= Whacky =

1970's British comic strip

Whacky was a British comic strip published in the British comic book magazine Cor!! and ran in the comic from its first issue on 6 June 1970 until 29 September 1973 - some 9 months before it was merged with Buster. It started as a half page strip but proved popular and was given a full page several weeks later. It was created and drawn by Mike Lacey.

==Concept==

The strip is about a fictional schoolboy called Whacky who is regularly being whacked (slang for "beating" or "thrashing") - later issues used the tag-line "He's always getting whacked" to emphasise the point. Most of the strips were school based and involved Whacky getting into trouble with his sadistic teacher Mr Thwackery - while these situations would typically involve lateness, talking in class etc., many times his teacher would find any excuse for regularly punishing him (even if Whacky is not at fault), which he often noticeably revelled in. His punishments were mostly the traditional "six of the best" with the cane - though in its absence other items would be used including an umbrella, slipper, plank, tree branch, walking stick, plimsoll, stick of rock, belt and book!
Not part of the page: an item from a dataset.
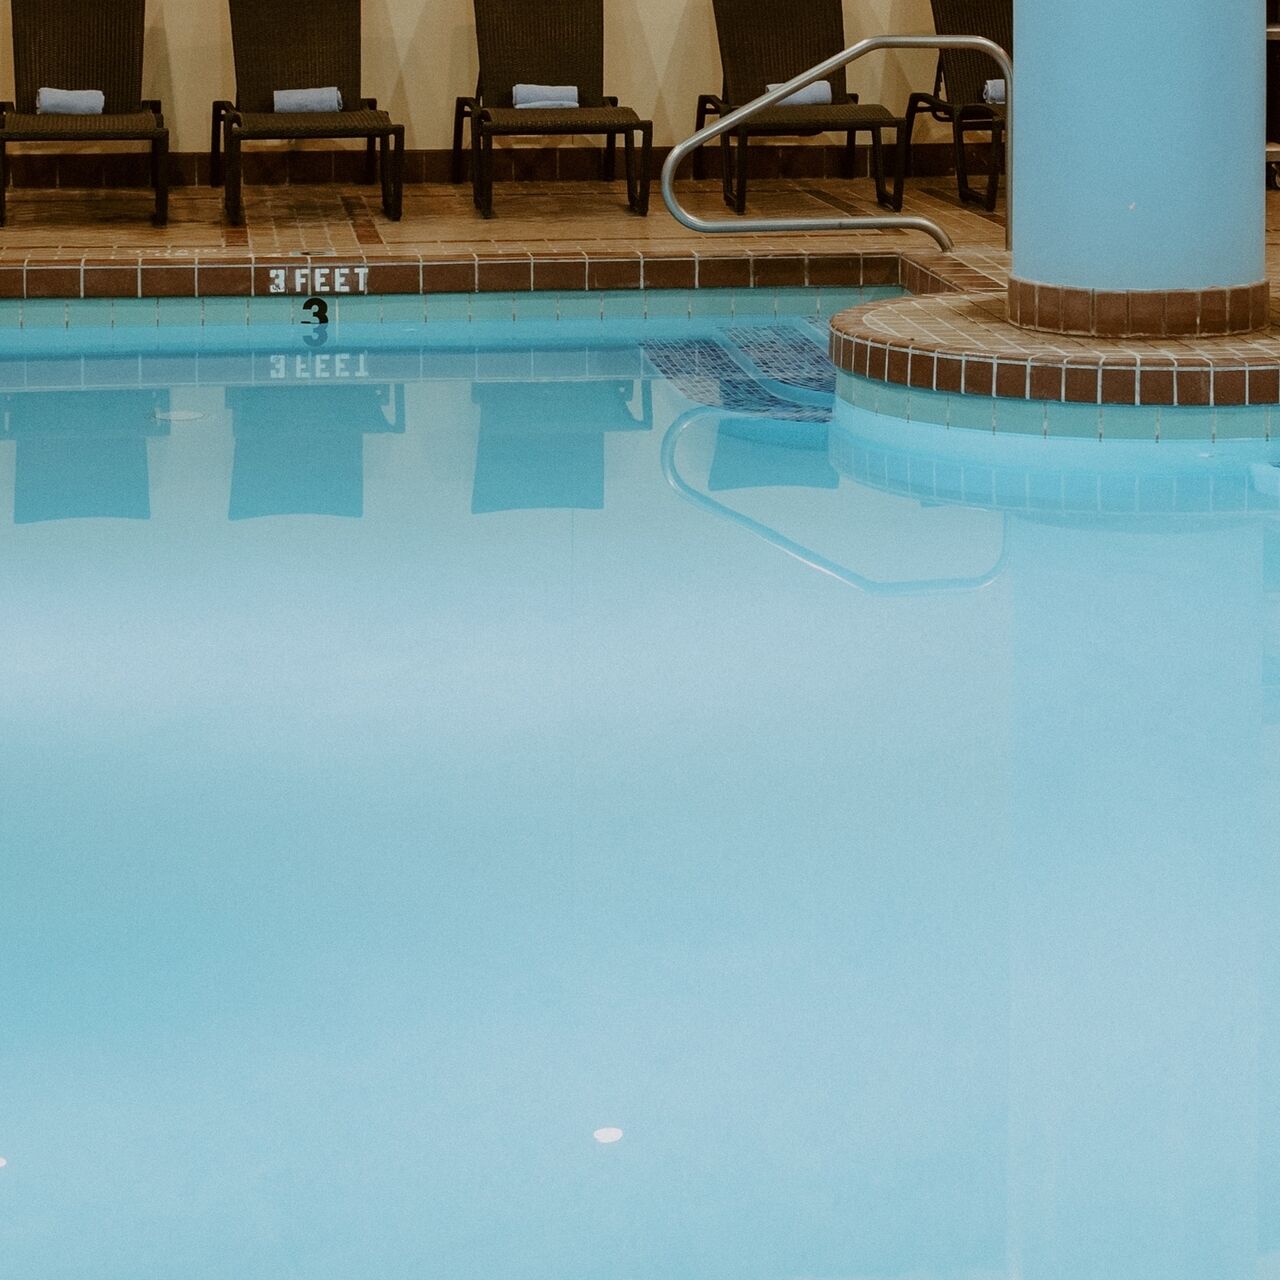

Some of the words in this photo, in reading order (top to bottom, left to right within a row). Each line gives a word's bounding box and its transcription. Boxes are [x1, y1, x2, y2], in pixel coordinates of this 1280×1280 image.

At the time, the cane was still used in many British schools and coincided with the revival of the Jimmy Edwards TV show Whacko so this sort of behaviour was deemed perfectly innocent, as were the regular slipperings that Dennis The Menace received.
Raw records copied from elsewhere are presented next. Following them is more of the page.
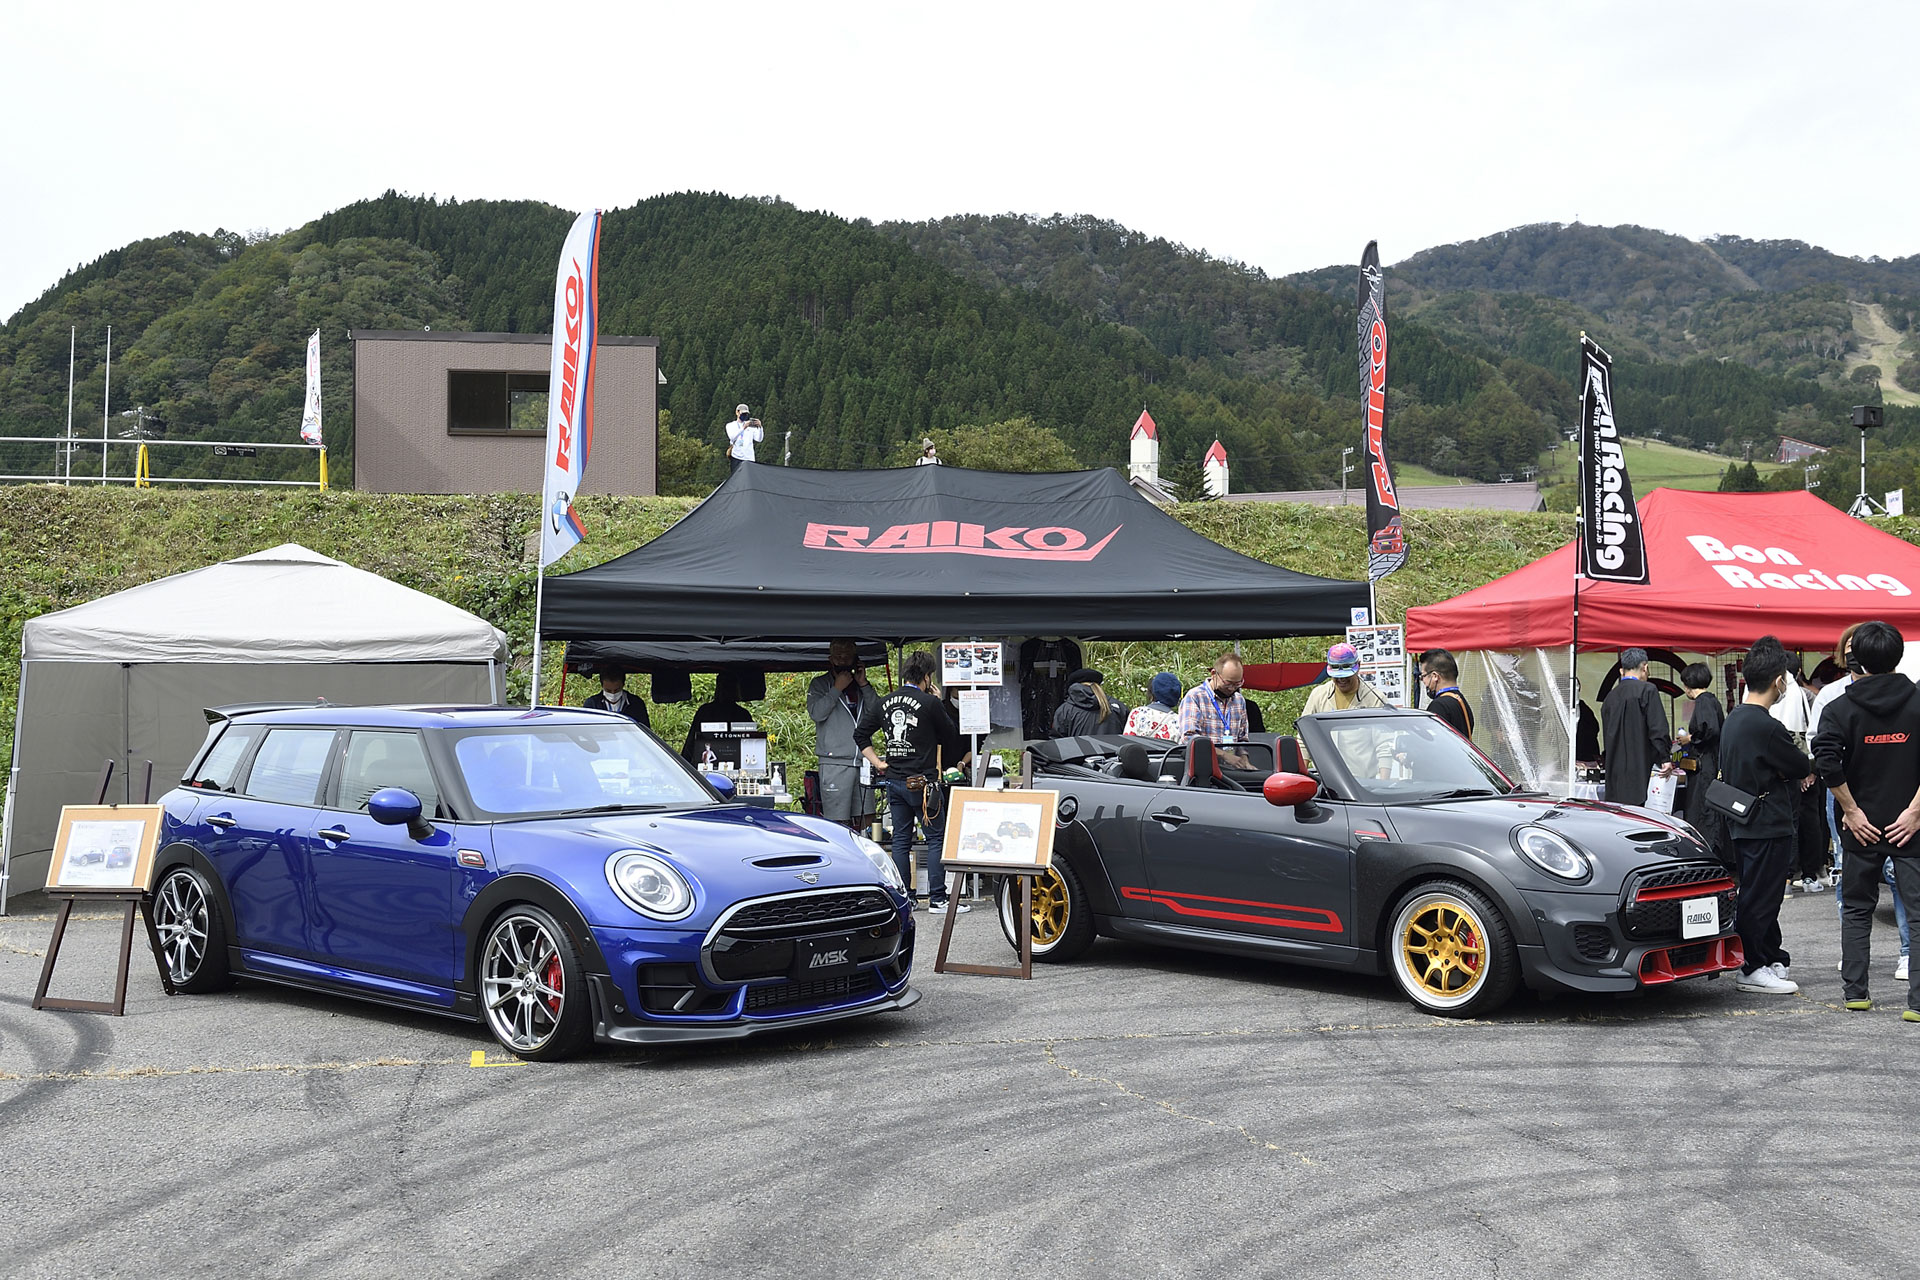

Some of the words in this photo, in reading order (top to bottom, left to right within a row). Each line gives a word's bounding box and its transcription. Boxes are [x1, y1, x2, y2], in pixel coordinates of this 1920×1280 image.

[556, 262, 583, 472] RAIKO
[1596, 441, 1633, 570] Racing
[803, 520, 1096, 557] RAIKO
[1686, 535, 1803, 566] Bon
[1711, 564, 1912, 597] Racing
[1864, 732, 1909, 744] RAIKO
[1686, 911, 1713, 925] RAIKO
[810, 948, 849, 968] MSK
In one strip Whacky reasons how he got his name: that when he was first born the nurse smacked him on his rear!

The character was typically dressed as an old fashioned schoolboy: blazer (when in colour it would either be green, orange or red), matching cap, shirt and tie and school shorts, even in the winter. When not at school he usually wore a sweater; however, he still sported his school uniform shorts. He also carried the obligatory satchel to school.
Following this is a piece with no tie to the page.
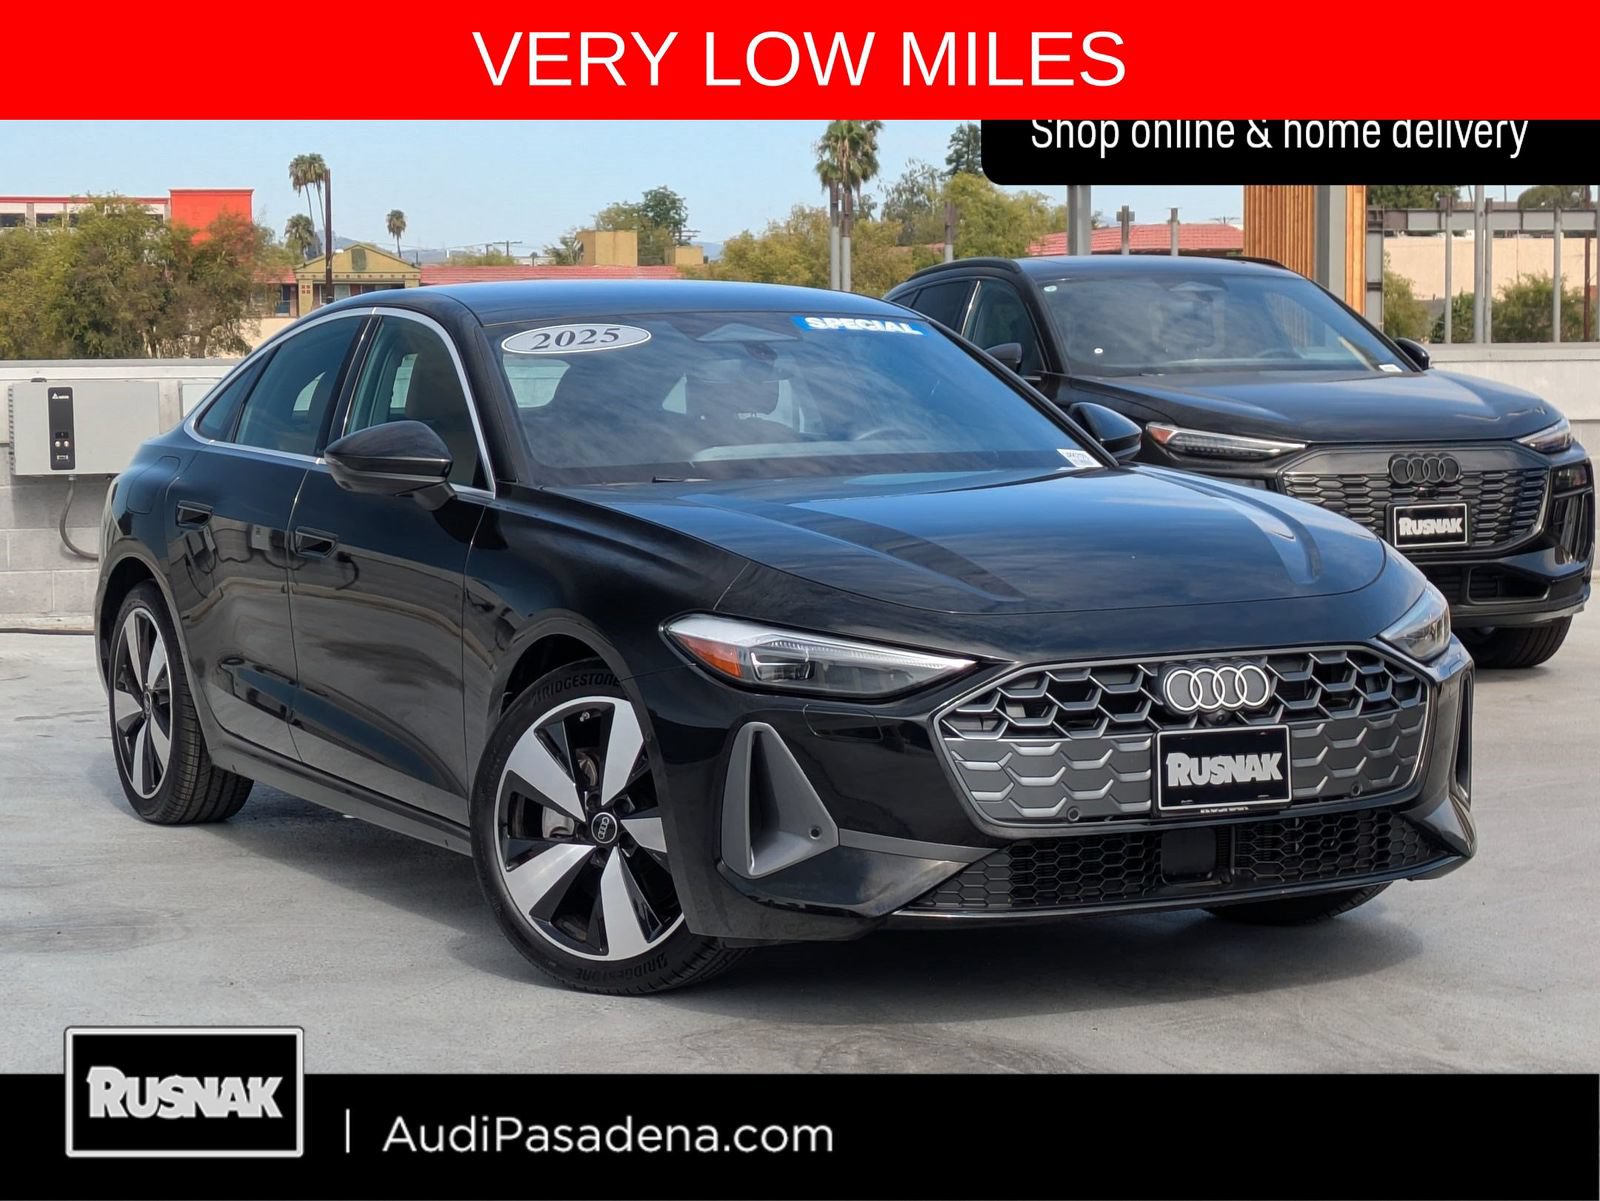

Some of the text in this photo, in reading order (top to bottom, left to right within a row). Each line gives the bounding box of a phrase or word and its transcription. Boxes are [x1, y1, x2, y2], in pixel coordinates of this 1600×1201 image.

[804, 316, 923, 336] SPECIAL
[531, 327, 621, 350] 2025
[1399, 517, 1463, 536] RUSNAK
[1166, 752, 1283, 787] RUSNAK
The strip ended in the comic in 1973 with Mr. Thwackery's retirement. A jubilant Whacky races out of school, convinced he will not be punished any more, but on the way home he kicks a football into his new neighbour's garden - who happens to be Mr. Thwackery. He duly chases the lad over fences, cane in hand, with Whacky exclaiming "Will it never end...?"

==Continuation==

The strip continued in the Cor!! summer specials and annuals that were still published into the early 1980s finishing with an appearance in the 1984 annual (published Christmas 1983) where Whacky walks into school to be greeted by a sign on the noticeboard exclaiming "No Whackings allowed" - mirroring real life as corporal punishment was being banned in England. Mr. Thwackery manages to punish Whacky "by accident" (opening a door onto him and dropping a desk lid on him as he is bent over) before he manages to whack the headmaster by mistake. The final frame showing Mr. Thwackery being whacked by the headmaster, with Whacky watching on...!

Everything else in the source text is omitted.